- **Instructions to follow**: All of the data must be returned word for word.

- **Exercise materials**:
=====

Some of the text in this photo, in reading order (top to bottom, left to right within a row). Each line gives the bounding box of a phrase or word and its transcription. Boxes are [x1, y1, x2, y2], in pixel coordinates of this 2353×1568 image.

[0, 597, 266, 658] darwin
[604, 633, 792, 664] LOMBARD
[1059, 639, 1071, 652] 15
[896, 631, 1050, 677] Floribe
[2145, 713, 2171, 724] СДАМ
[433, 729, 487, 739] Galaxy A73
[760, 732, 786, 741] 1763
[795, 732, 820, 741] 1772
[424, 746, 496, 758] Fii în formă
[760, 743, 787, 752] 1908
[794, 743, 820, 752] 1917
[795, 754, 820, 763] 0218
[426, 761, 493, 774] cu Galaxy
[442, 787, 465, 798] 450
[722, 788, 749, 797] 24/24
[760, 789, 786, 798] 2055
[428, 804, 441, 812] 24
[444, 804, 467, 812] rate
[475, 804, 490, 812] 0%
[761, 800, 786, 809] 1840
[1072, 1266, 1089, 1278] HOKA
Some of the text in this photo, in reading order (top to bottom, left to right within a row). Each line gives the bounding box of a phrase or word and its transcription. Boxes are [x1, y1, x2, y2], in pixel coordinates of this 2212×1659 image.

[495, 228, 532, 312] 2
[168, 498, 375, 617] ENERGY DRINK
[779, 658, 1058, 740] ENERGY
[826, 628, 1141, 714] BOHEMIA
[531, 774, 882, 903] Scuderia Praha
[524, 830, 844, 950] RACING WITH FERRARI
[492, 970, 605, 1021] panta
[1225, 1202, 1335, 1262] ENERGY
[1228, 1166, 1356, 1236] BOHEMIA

=====

- **The completed task**:
Some of the text in this photo, in reading order (top to bottom, left to right within a row). Each line gives the bounding box of a phrase or word and its transcription. Boxes are [x1, y1, x2, y2], in pixel coordinates of this 2353×1568 image.

[0, 597, 266, 658] darwin
[604, 633, 792, 664] LOMBARD
[1059, 639, 1071, 652] 15
[896, 631, 1050, 677] Floribe
[2145, 713, 2171, 724] СДАМ
[433, 729, 487, 739] Galaxy A73
[760, 732, 786, 741] 1763
[795, 732, 820, 741] 1772
[424, 746, 496, 758] Fii în formă
[760, 743, 787, 752] 1908
[794, 743, 820, 752] 1917
[795, 754, 820, 763] 0218
[426, 761, 493, 774] cu Galaxy
[442, 787, 465, 798] 450
[722, 788, 749, 797] 24/24
[760, 789, 786, 798] 2055
[428, 804, 441, 812] 24
[444, 804, 467, 812] rate
[475, 804, 490, 812] 0%
[761, 800, 786, 809] 1840
[1072, 1266, 1089, 1278] HOKA
Some of the text in this photo, in reading order (top to bottom, left to right within a row). Each line gives the bounding box of a phrase or word and its transcription. Boxes are [x1, y1, x2, y2], in pixel coordinates of this 2212×1659 image.

[495, 228, 532, 312] 2
[168, 498, 375, 617] ENERGY DRINK
[779, 658, 1058, 740] ENERGY
[826, 628, 1141, 714] BOHEMIA
[531, 774, 882, 903] Scuderia Praha
[524, 830, 844, 950] RACING WITH FERRARI
[492, 970, 605, 1021] panta
[1225, 1202, 1335, 1262] ENERGY
[1228, 1166, 1356, 1236] BOHEMIA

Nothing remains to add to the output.